Amir Ibrahim, writing at Kenya Imagine, deals with the issue of Africa's role in the trade:

Such scholars point out that few slaves were captured directly by the slavers and that the majority were sold on to them by prominent African states like the Ashanti kingdom. These scholars also maintain that slavery was a social construct already existent in Africa and that European slavers merely took the slaves into new markets. The historical record proves that whereas this may be correct strictly speaking, traditionally African slaves were indentured labourers whose lives and station in society was much higher than was permitted in the New World. The phenomenon of European slaving and the horrors of the slave experience in the new world are unprecedented in documented human history.

Did African empires benefit economically from the slave trade? Amir continues:

While it is true that there were African states Dahomey, Kongo and Ashanti, that profited handsomely from this trade, history indicates that even the wealth that slave-raider chiefs accrued from the trade quickly reverted to the slavers as it was used to buy alcohol and firearms both of which only served to further fuel the trade. In the end the economic benefits of slavery flowed only one way, out of Africa.

Who Should Aplogize for the Roman Empire?

“Brothers sold Brothers,” writes Refined One:

…Slaves from
Africa were sold by there own brothers( Africans)… No matter how hard that maybe for us to accept it is the truth!
This has caused division between Africans and West Indians to date…some feel resentful towards Africans for what was done to there ancestors.
We should not let division in our lives, for the perfect will of God is still to be unfolded…Our dreams will still be fulfilled.

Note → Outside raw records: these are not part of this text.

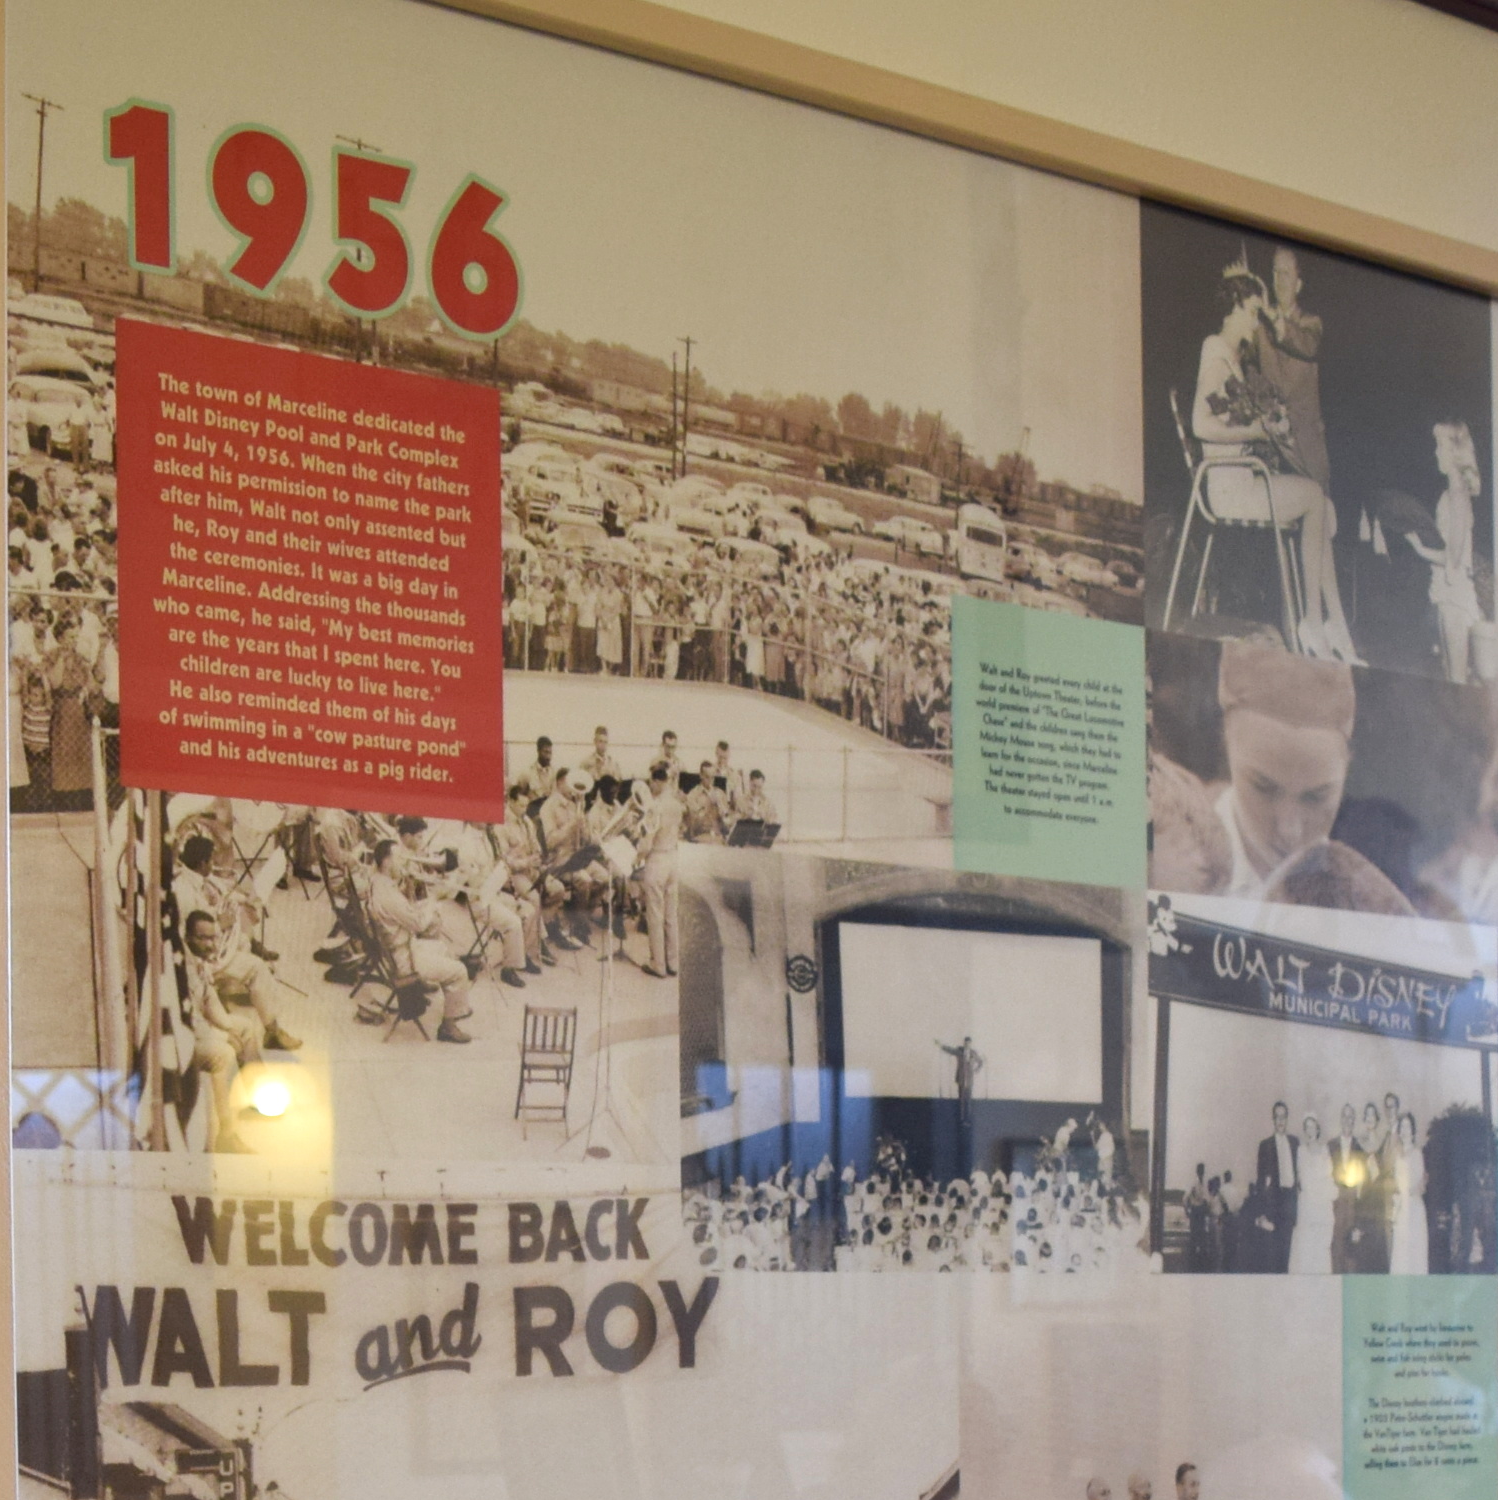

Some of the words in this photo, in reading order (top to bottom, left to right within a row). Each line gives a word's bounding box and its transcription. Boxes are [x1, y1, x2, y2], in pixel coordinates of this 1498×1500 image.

[104, 98, 522, 340] 1956
[157, 371, 189, 394] The
[194, 380, 238, 403] town
[243, 389, 262, 407] of
[266, 391, 347, 423] Marceline
[352, 408, 435, 438] dedicated
[439, 423, 465, 444] the
[160, 399, 198, 423] Walt
[204, 408, 259, 437] Disney
[265, 419, 303, 442] Pool
[309, 431, 340, 448] and
[345, 433, 382, 455] Park
[387, 441, 458, 469] Complex
[152, 457, 203, 479] asked
[209, 464, 232, 484] his
[237, 473, 327, 499] permission
[331, 486, 350, 503] to
[354, 492, 398, 511] name
[404, 497, 429, 516] the
[435, 505, 471, 523] park
[154, 431, 177, 447] on
[182, 432, 216, 457] July
[222, 440, 239, 461] 4,
[246, 444, 294, 467] 1956.
[300, 452, 346, 476] When
[351, 462, 377, 482] the
[382, 468, 411, 489] city
[416, 473, 470, 497] fathers
[159, 485, 200, 506] after
[206, 491, 243, 516] him,
[249, 498, 285, 520] Walt
[291, 509, 319, 525] not
[323, 513, 360, 534] only
[365, 520, 434, 543] assented
[439, 528, 466, 548] but
[172, 512, 199, 536] he,
[206, 518, 239, 543] Roy
[245, 528, 277, 545] and
[282, 532, 321, 552] their
[327, 539, 371, 560] wives
[375, 549, 449, 572] attended
[152, 595, 190, 615] who
[195, 604, 245, 626] came,
[251, 607, 272, 627] he
[277, 614, 315, 635] said,
[322, 618, 353, 641] "My
[358, 622, 392, 643] best
[397, 631, 474, 654] memories
[161, 566, 251, 596] Marceline.
[257, 581, 350, 614] Addressing
[355, 596, 381, 615] the
[386, 601, 466, 627] thousands
[169, 678, 193, 699] He
[199, 684, 232, 703] also
[237, 692, 320, 714] reminded
[325, 700, 367, 720] them
[371, 706, 389, 722] of
[394, 707, 415, 725] his
[420, 710, 456, 732] days
[179, 653, 250, 678] children
[255, 667, 282, 682] are
[288, 667, 331, 691] lucky
[336, 675, 353, 691] to
[359, 676, 387, 695] live
[393, 680, 441, 701] here."
[157, 706, 177, 724] of
[182, 711, 266, 738] swimming
[271, 719, 287, 737] in
[292, 725, 302, 739] a
[307, 724, 347, 744] "cow
[352, 732, 411, 751] pasture
[417, 739, 466, 757] pond"
[1213, 933, 1310, 992] WALT
[1269, 991, 1361, 1024] MUNICIPAL
[1368, 1009, 1413, 1032] PARK
[172, 1195, 479, 1266] WELCOME
[507, 1197, 650, 1263] BACK
[83, 1285, 327, 1388] WALT
[355, 1282, 482, 1391] and
[513, 1277, 719, 1377] ROY

In another post, Refined One had suggested an apology for slavery. She changes her mind:

Why I decided to write this post was because in the post before this I said something about an apology….which I would like to take back.

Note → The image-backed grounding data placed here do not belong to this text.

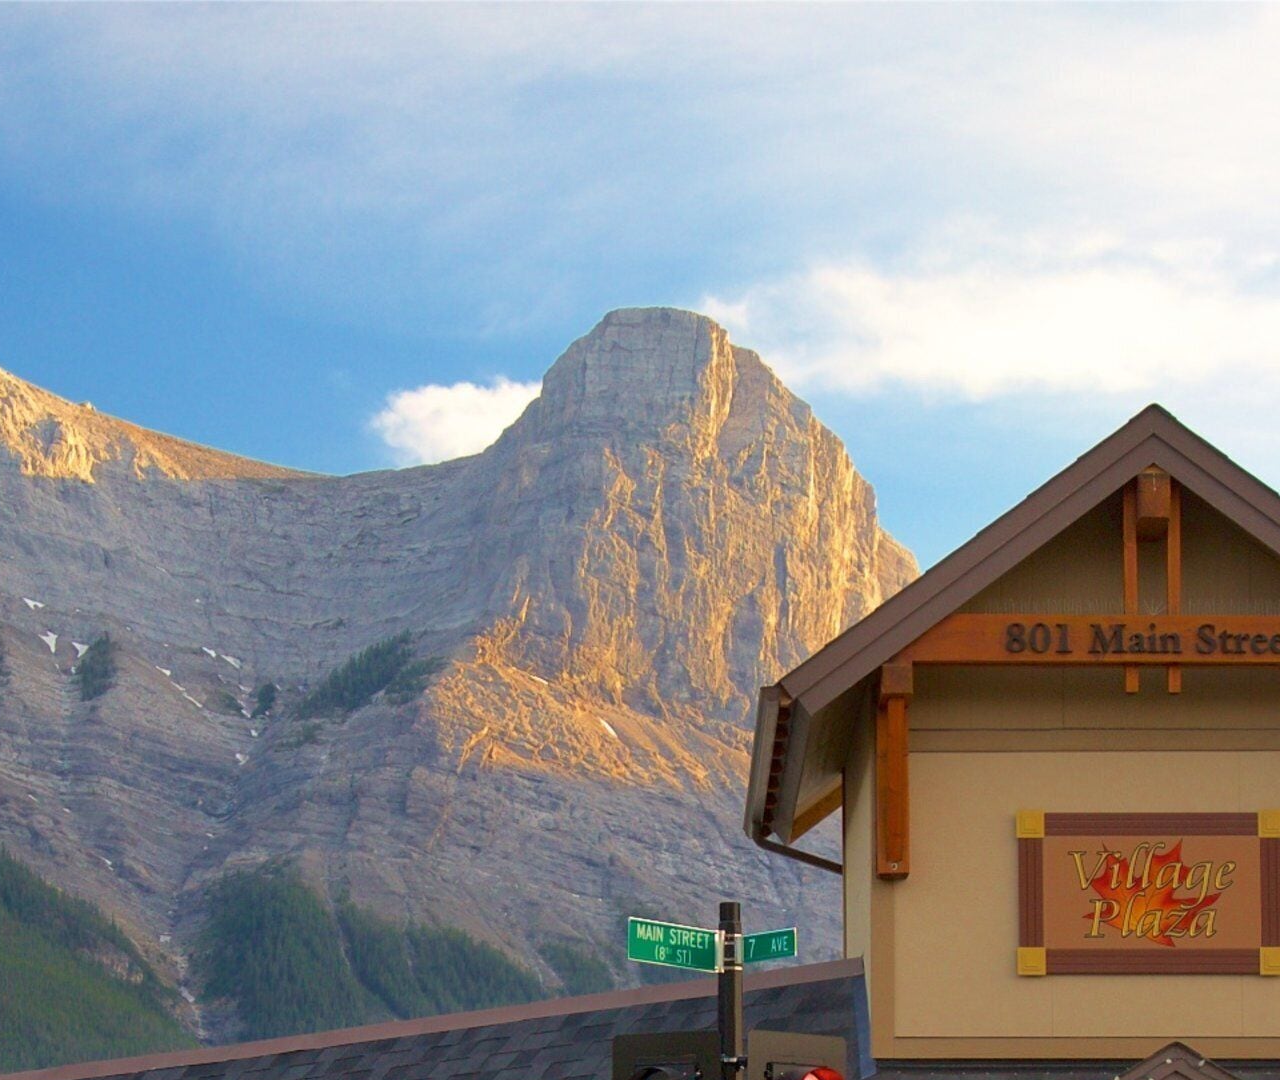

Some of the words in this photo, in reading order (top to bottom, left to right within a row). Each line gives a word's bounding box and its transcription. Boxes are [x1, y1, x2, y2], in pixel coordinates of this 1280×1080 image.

[1005, 623, 1073, 654] 801
[1087, 623, 1182, 655] Main
[1068, 841, 1237, 909] Village
[1083, 891, 1218, 939] Plaza
[636, 923, 664, 942] MAIN
[669, 928, 710, 950] STREET
[748, 938, 756, 959] 7
[770, 936, 789, 953] AVE

She prefers forgiveness to an apology:

Brothers on different continents, of different shades, we are all still brothers, as I said before FORGIVNESS is the only way forwarded.

There has been a renewed call for an apology for slavery following the Virginia State legislature's apology for the state's role in the trade.

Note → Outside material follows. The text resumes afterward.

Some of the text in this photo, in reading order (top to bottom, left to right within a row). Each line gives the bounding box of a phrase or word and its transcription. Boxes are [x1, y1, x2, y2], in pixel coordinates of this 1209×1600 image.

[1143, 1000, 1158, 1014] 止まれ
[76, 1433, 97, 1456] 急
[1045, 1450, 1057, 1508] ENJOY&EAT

Khanya finds this idea disturbing. Why should people apologize for other people's sins?:

It seems to me that this shows an inversion of moral values. Tony Blair ought not to apologise for the slave trade, because there is no way he can be held responsible for it. But he can be held responsible for the bombing of Belgrade and Basra, and if he symbolically went and washed the feet of the widows and orphans of those cities, and the stumps of the maimed and the lame who were crippled by British bombs dropped at his orders, then he would be doing something far more significant. The demand that he should apologise for the slave trade is simply grotesque.

Who should apologize for the Roman Empire? He asks:

My wife (and children) are descendants of slaves. I haven’t yet discovered any slaves in my own ancestry, but for all I know there could have been, say under the Roman Empire. Should I therefore demand that the Italian government officially apologise?

Dismissing arguments made against an apology, Amir Ibrahim writes:

It is strange and offensive then that the British Government should hold the descendants of the slave victims of this the greatest crime against humanity in such contempt as not to issue a symbolic apology for the crimes committed against them. The arguments they advance against such an apology are truly specious and offensive. Firstly they claim that these events were committed such a long time ago that apologies are now irrelevant. The Catholic Church's apology for its crimes against Galileo certainly dismisses this idea. The second is the silly notion that an apology would be an act of national self-hatred. The Germans, the Japanese and the French could have taken this childish route, but were more assured of their place in history. Neither does this explain why Tony Blair apologised to the Irish, or how religious organisations like the Vatican and the Church of England have managed to survive their apologies.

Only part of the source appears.